#### WHAT YOU WILL DO
Quote the records that follow in full and exactly; leave out the pictures.

#### RECORD EXCERPTS
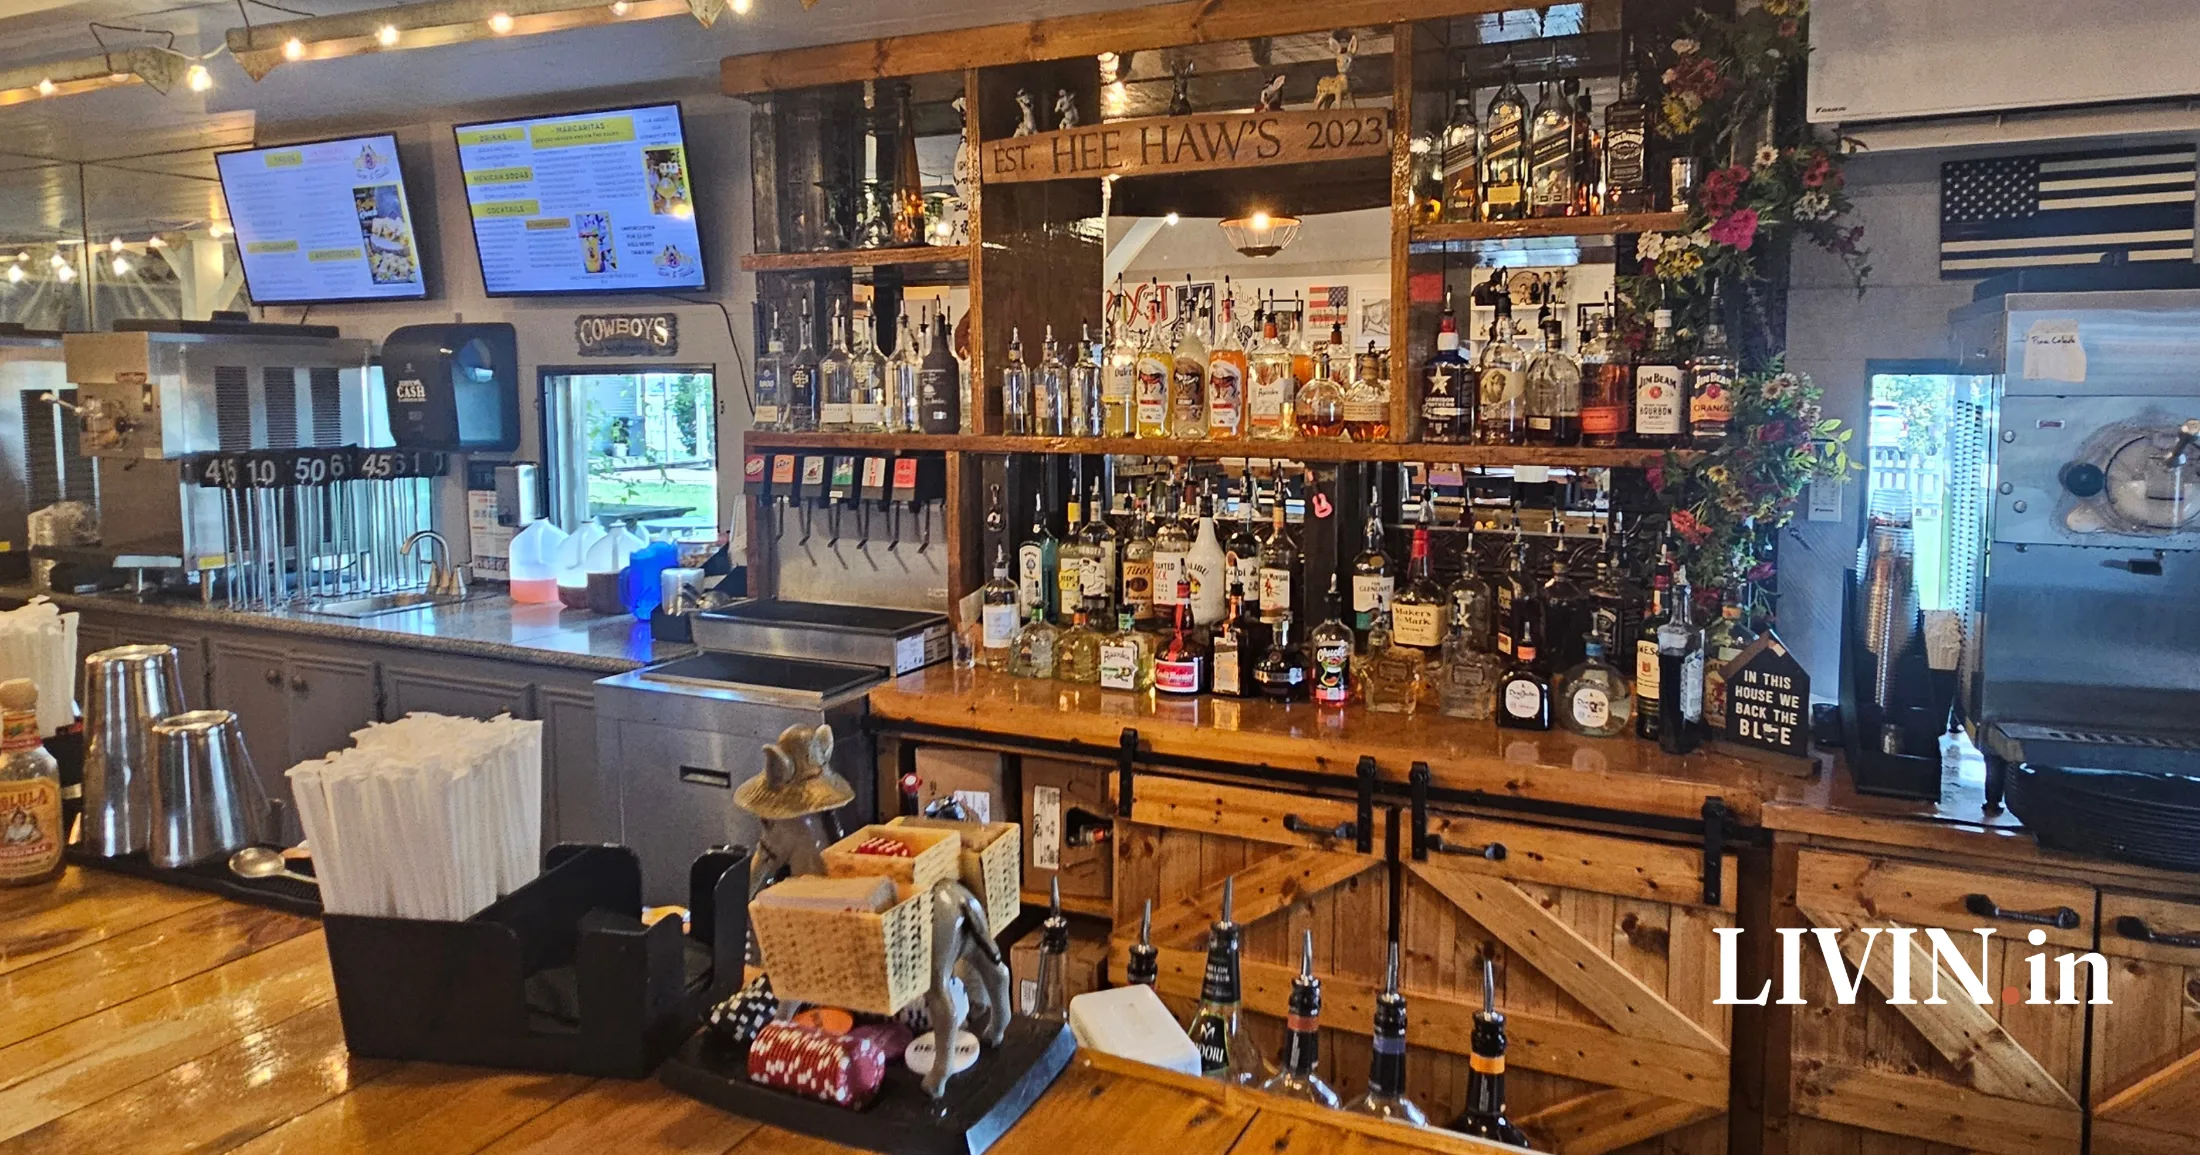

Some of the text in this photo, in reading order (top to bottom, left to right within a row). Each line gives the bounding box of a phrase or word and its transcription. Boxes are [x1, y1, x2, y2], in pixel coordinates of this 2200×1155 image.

[993, 116, 1383, 174] EST. HEE HAW'S 2023
[580, 316, 669, 347] COWBOYS
[1638, 372, 1677, 390] JIM BEAM
[396, 386, 426, 399] CASH
[1639, 406, 1672, 416] BOURBON
[246, 459, 276, 486] 10
[294, 457, 327, 485] 50
[361, 453, 393, 477] 45
[1126, 565, 1153, 576] Tito's
[1395, 607, 1432, 617] Maker's
[1404, 617, 1431, 626] Mark
[1743, 669, 1792, 689] IN THIS
[1735, 685, 1800, 709] HOUSE WE
[1735, 703, 1798, 726] BACK THE

#### RESULT OF THIS TASK
Some of the text in this photo, in reading order (top to bottom, left to right within a row). Each line gives the bounding box of a phrase or word and its transcription. Boxes are [x1, y1, x2, y2], in pixel coordinates of this 2200×1155 image.

[993, 116, 1383, 174] EST. HEE HAW'S 2023
[580, 316, 669, 347] COWBOYS
[1638, 372, 1677, 390] JIM BEAM
[396, 386, 426, 399] CASH
[1639, 406, 1672, 416] BOURBON
[246, 459, 276, 486] 10
[294, 457, 327, 485] 50
[361, 453, 393, 477] 45
[1126, 565, 1153, 576] Tito's
[1395, 607, 1432, 617] Maker's
[1404, 617, 1431, 626] Mark
[1743, 669, 1792, 689] IN THIS
[1735, 685, 1800, 709] HOUSE WE
[1735, 703, 1798, 726] BACK THE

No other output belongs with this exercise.